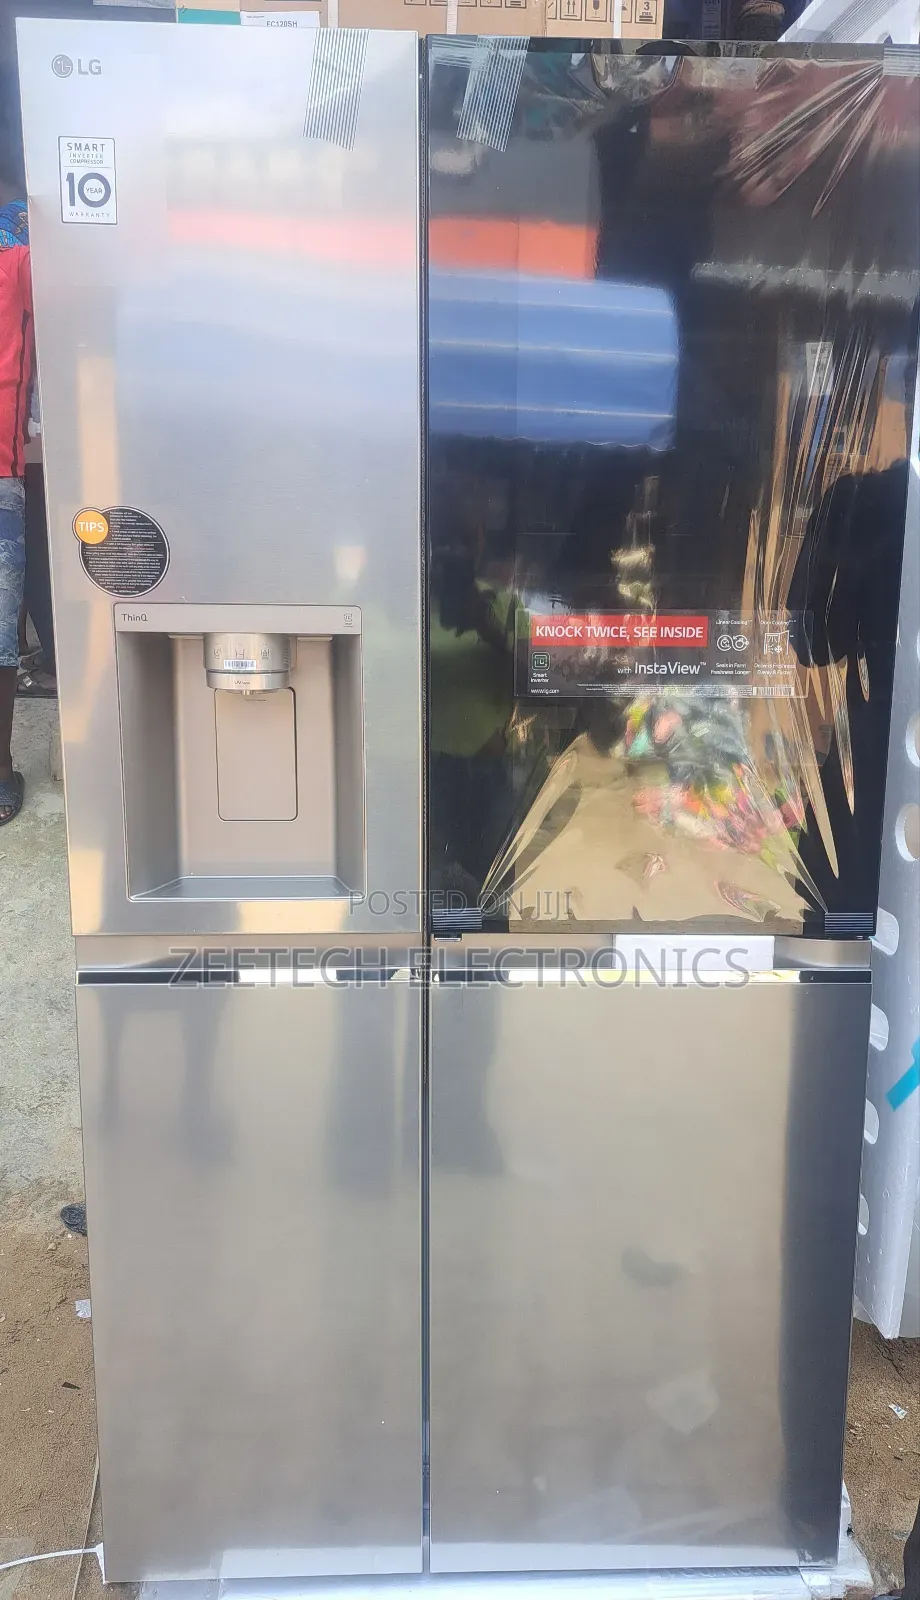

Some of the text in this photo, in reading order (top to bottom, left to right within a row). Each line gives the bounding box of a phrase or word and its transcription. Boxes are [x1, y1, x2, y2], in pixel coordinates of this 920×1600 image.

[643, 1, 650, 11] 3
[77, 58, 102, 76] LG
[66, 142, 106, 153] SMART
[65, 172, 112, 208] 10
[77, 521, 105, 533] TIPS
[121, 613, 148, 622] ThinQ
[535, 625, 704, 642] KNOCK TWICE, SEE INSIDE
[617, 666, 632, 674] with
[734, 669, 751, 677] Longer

________________________________________

[What you need to do]:
Would you return the material above exactly, apart from its pictures?

[Reply]:
Some of the text in this photo, in reading order (top to bottom, left to right within a row). Each line gives the bounding box of a phrase or word and its transcription. Boxes are [x1, y1, x2, y2], in pixel coordinates of this 920×1600 image.

[643, 1, 650, 11] 3
[77, 58, 102, 76] LG
[66, 142, 106, 153] SMART
[65, 172, 112, 208] 10
[77, 521, 105, 533] TIPS
[121, 613, 148, 622] ThinQ
[535, 625, 704, 642] KNOCK TWICE, SEE INSIDE
[617, 666, 632, 674] with
[734, 669, 751, 677] Longer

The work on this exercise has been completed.